◆ Data shown

┌──

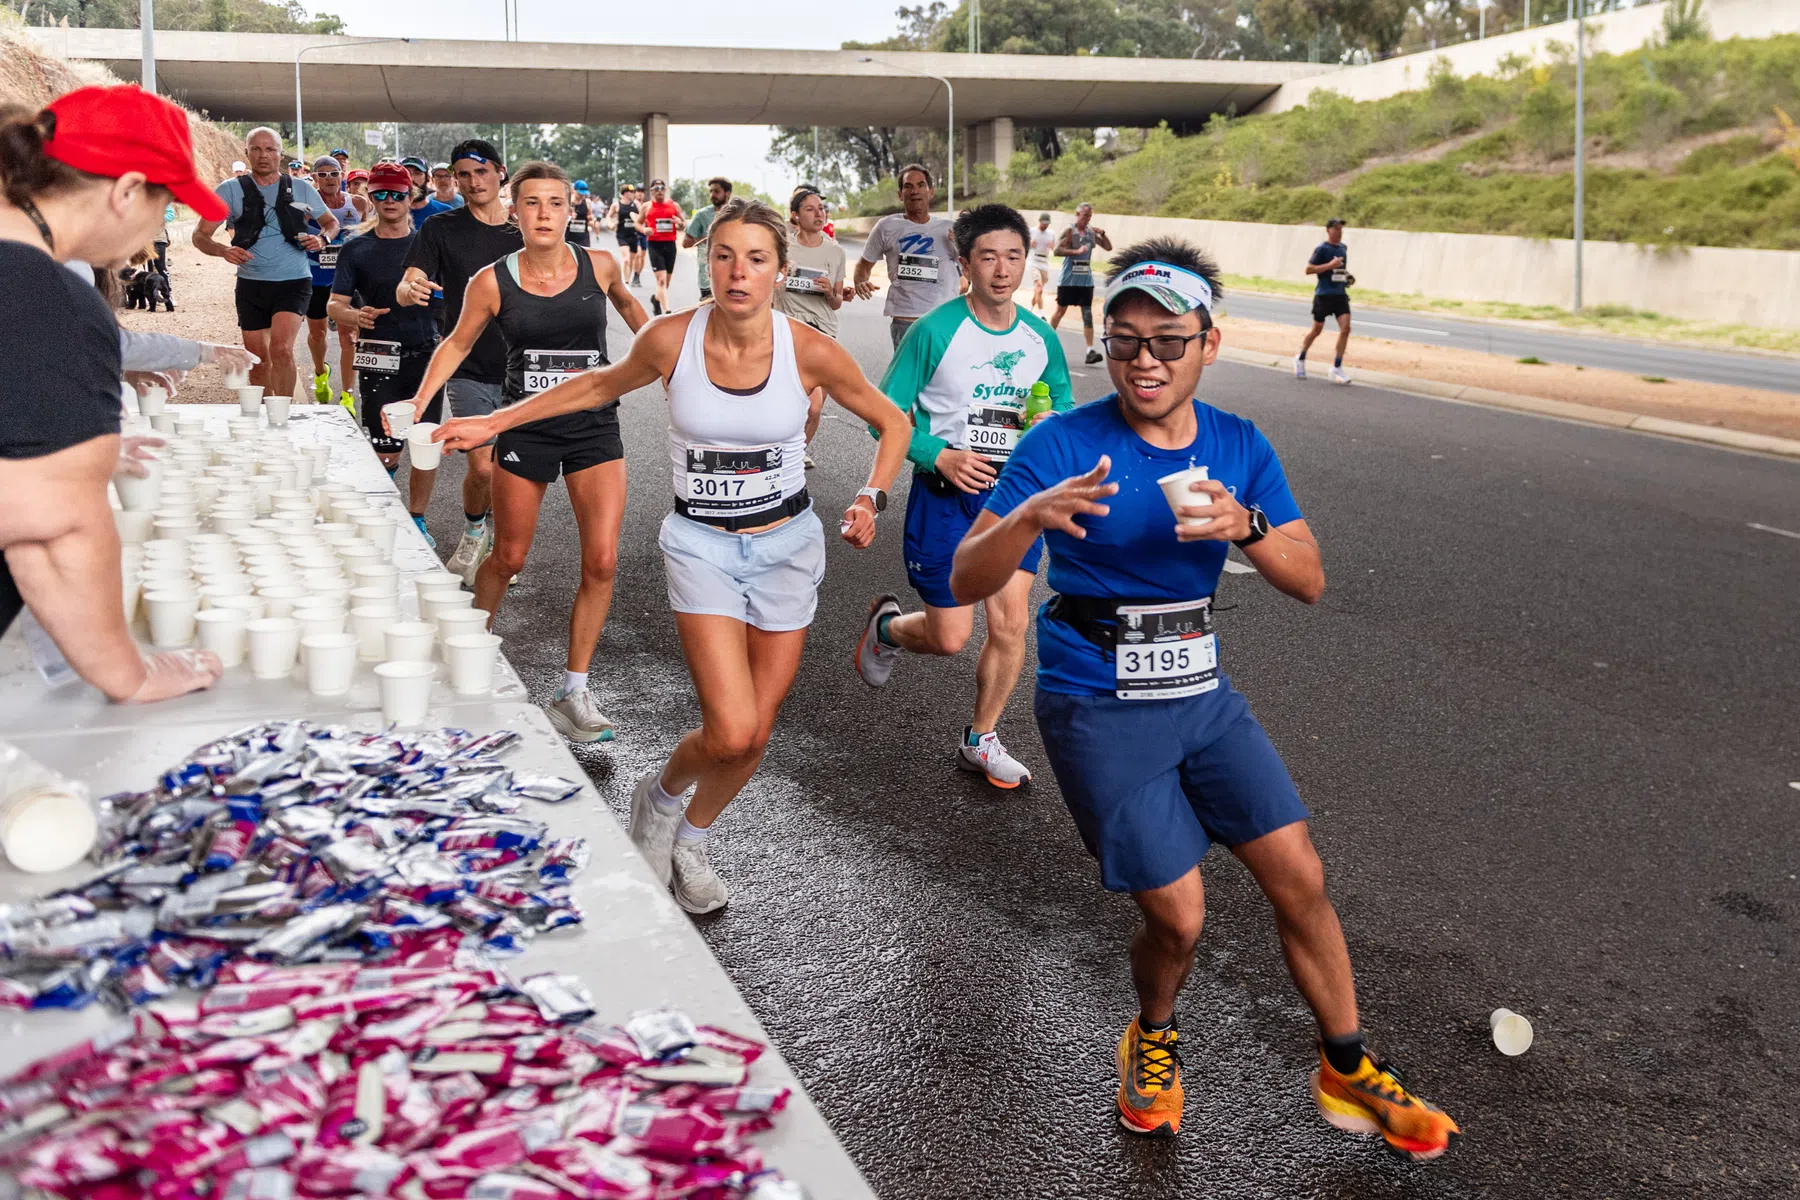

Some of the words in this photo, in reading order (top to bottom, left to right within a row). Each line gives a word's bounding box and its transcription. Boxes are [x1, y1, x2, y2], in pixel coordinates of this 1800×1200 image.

[321, 255, 338, 263] 258
[899, 266, 922, 277] 2352
[1122, 265, 1171, 282] IRONMAN
[787, 278, 811, 289] 2353
[355, 355, 378, 366] 2590
[972, 381, 1032, 400] Sydney
[969, 429, 1007, 446] 3008
[692, 478, 746, 497] 3017
[769, 483, 776, 491] A
[1124, 648, 1191, 673] 3195
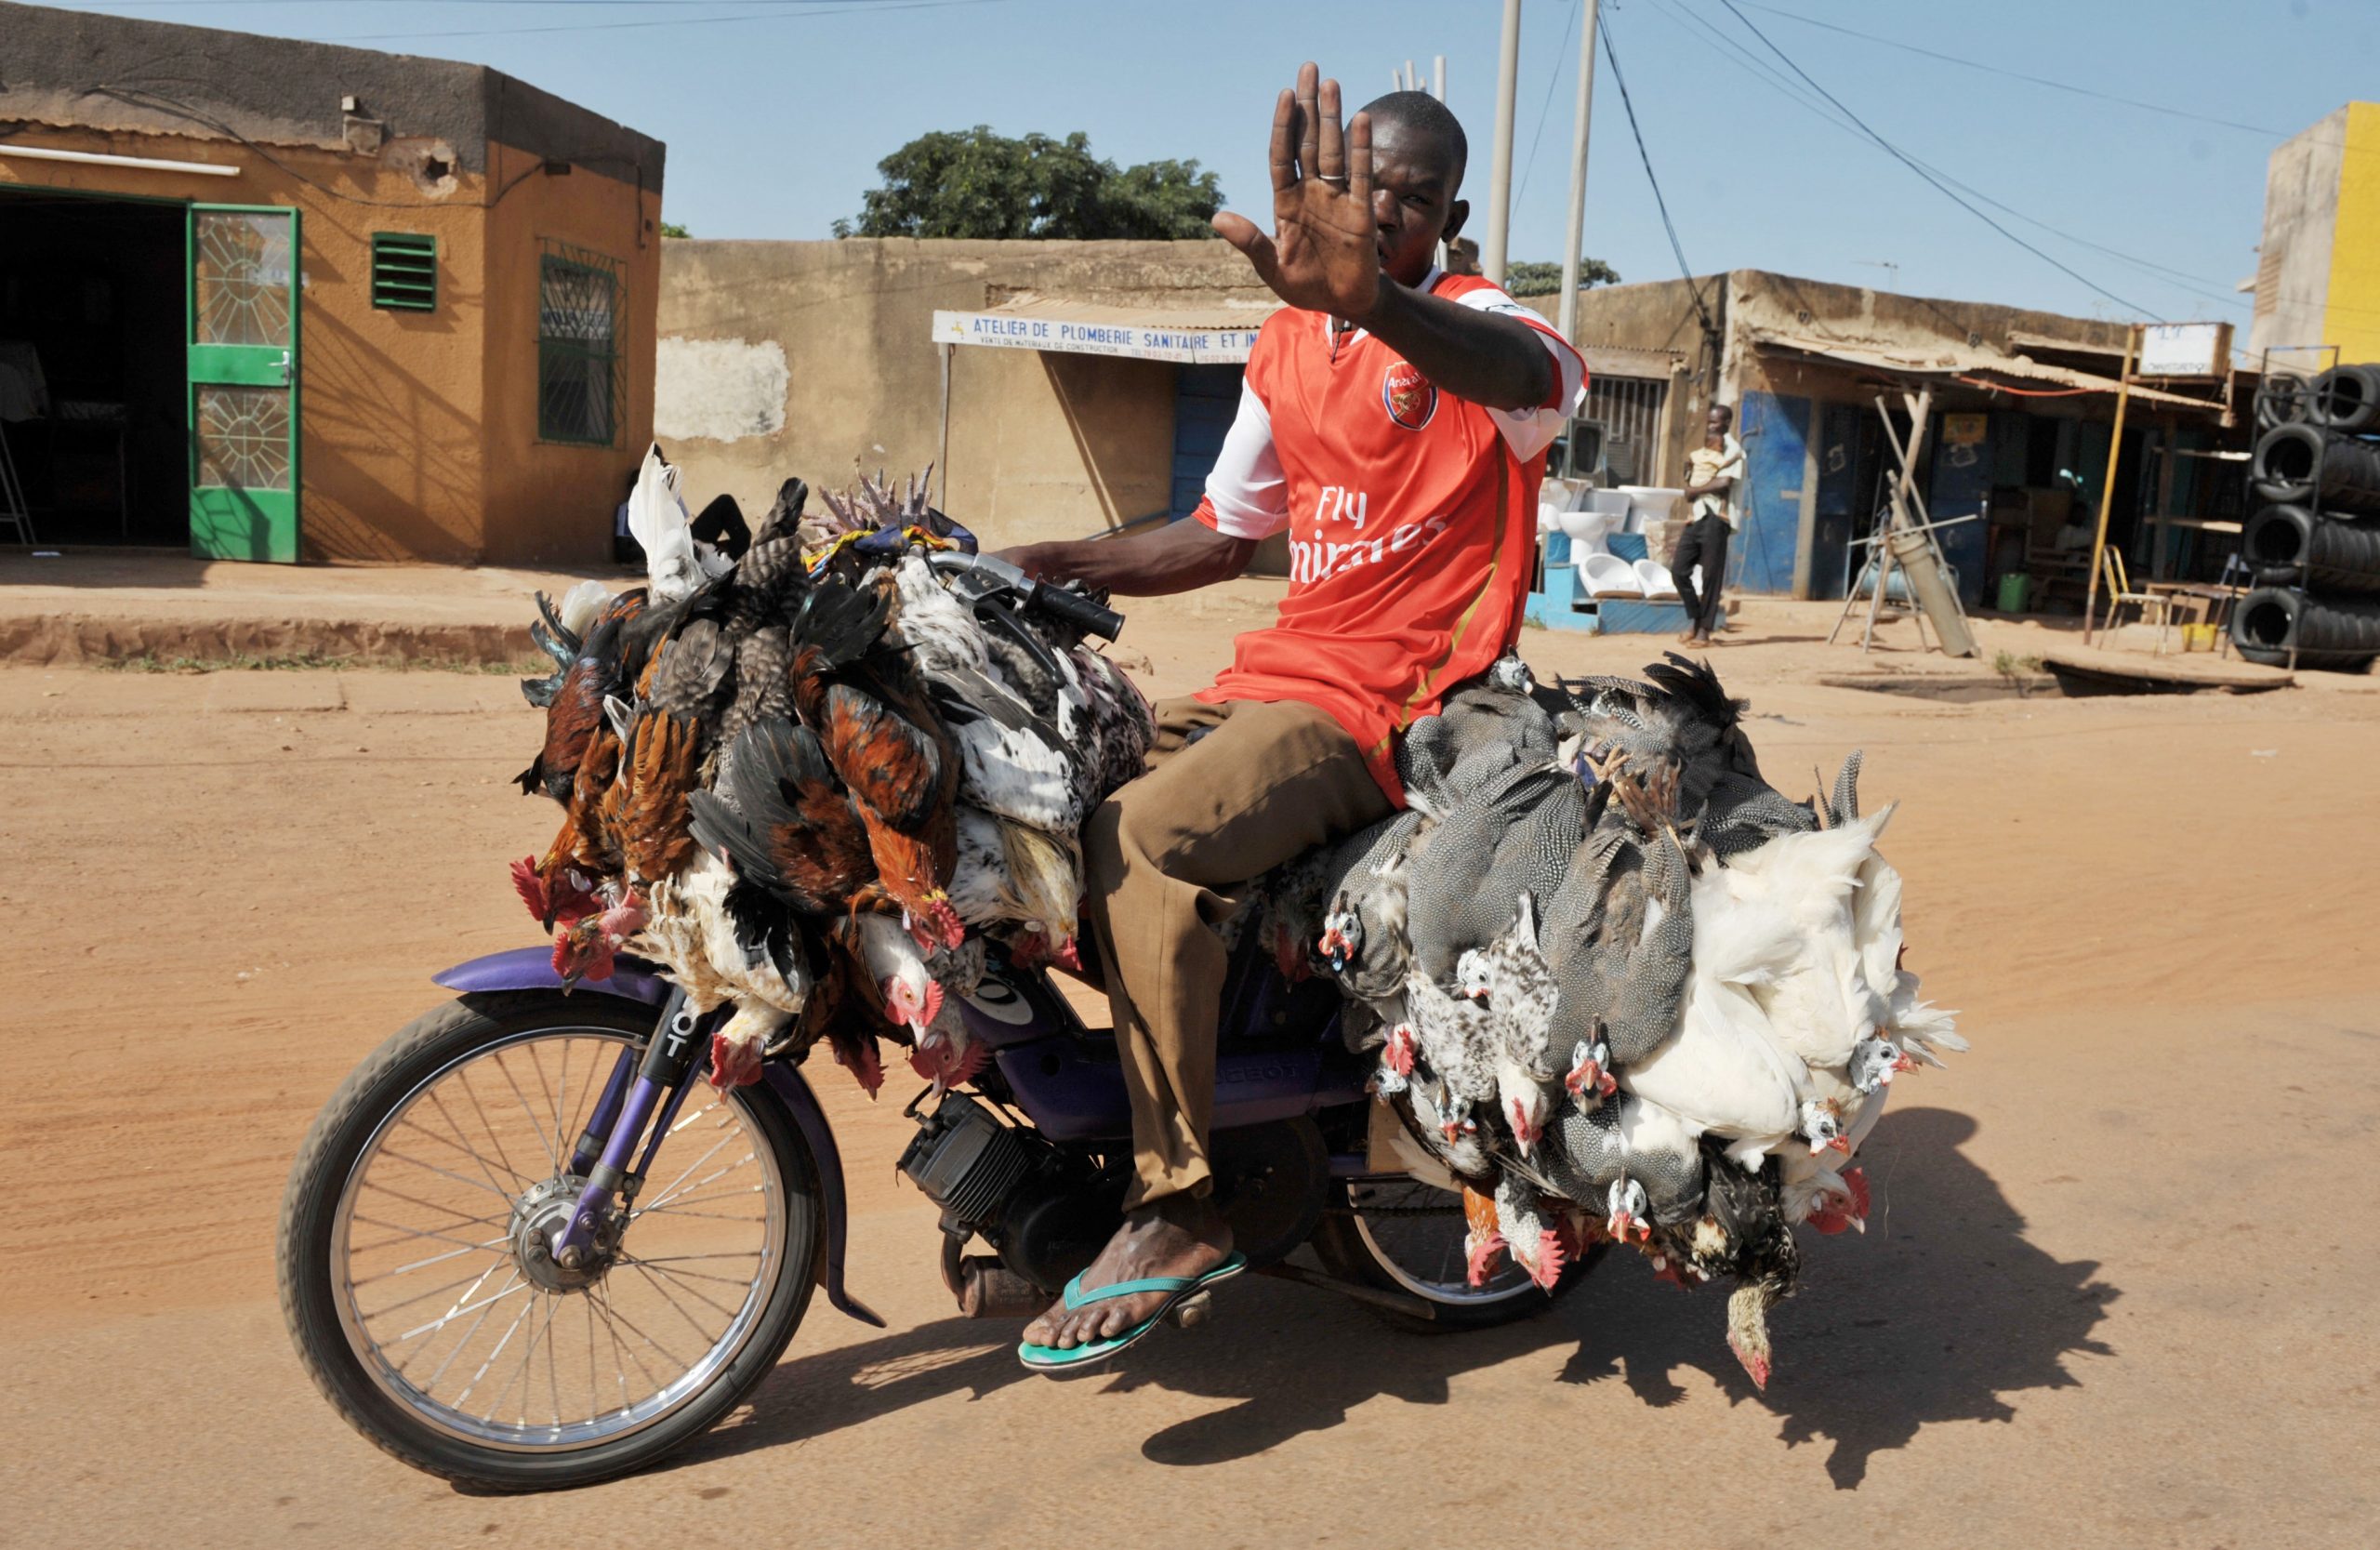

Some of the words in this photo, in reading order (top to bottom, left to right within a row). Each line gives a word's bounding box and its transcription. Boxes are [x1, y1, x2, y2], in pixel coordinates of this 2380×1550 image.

[974, 319, 1027, 336] ATELIER
[1033, 322, 1050, 338] DE
[1061, 325, 1132, 346] PLOMBERIE
[1144, 333, 1209, 350] SANITAIRE
[1221, 333, 1237, 349] ET
[1054, 342, 1064, 351] DE
[1066, 343, 1118, 353] CONSTRUCTION
[1315, 485, 1368, 530] Fly
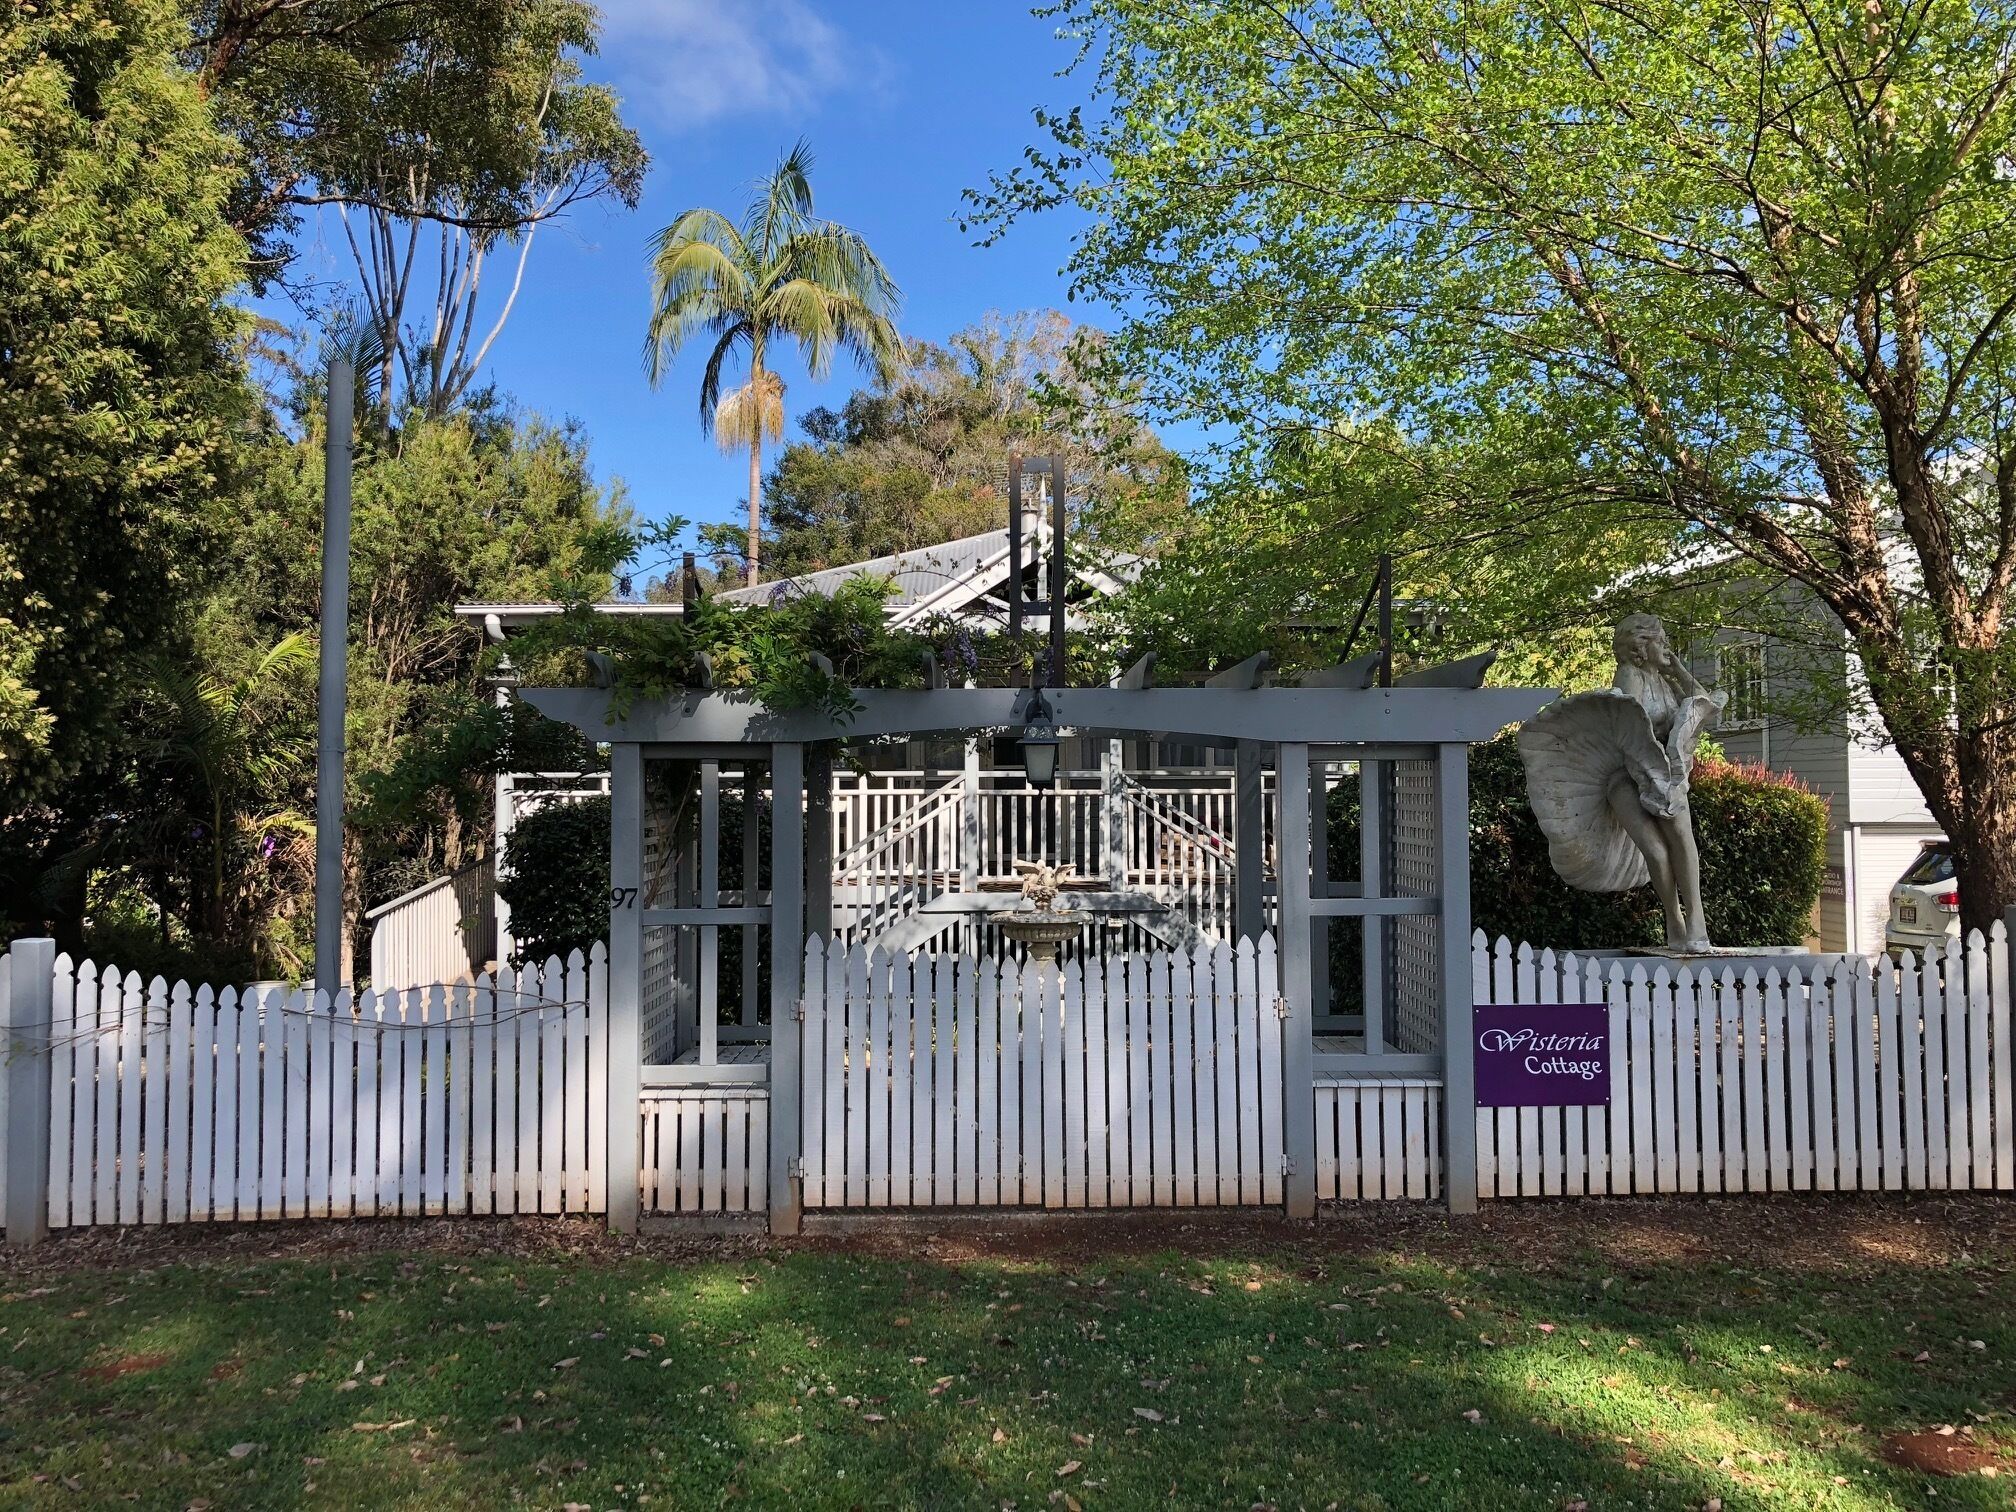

└──

Retype exactly the lines above, starting at the line containing "this 2380×1550 image." and ending with the last line, both included; leave out the pictures.

◆ Problem solution
Some of the words in this photo, in reading order (top to bottom, left to right within a row). Each line gives a word's bounding box and its transcription. Boxes are [x1, y1, x2, y2], in pixel coordinates of this 2380×1550 image.

[974, 319, 1027, 336] ATELIER
[1033, 322, 1050, 338] DE
[1061, 325, 1132, 346] PLOMBERIE
[1144, 333, 1209, 350] SANITAIRE
[1221, 333, 1237, 349] ET
[1054, 342, 1064, 351] DE
[1066, 343, 1118, 353] CONSTRUCTION
[1315, 485, 1368, 530] Fly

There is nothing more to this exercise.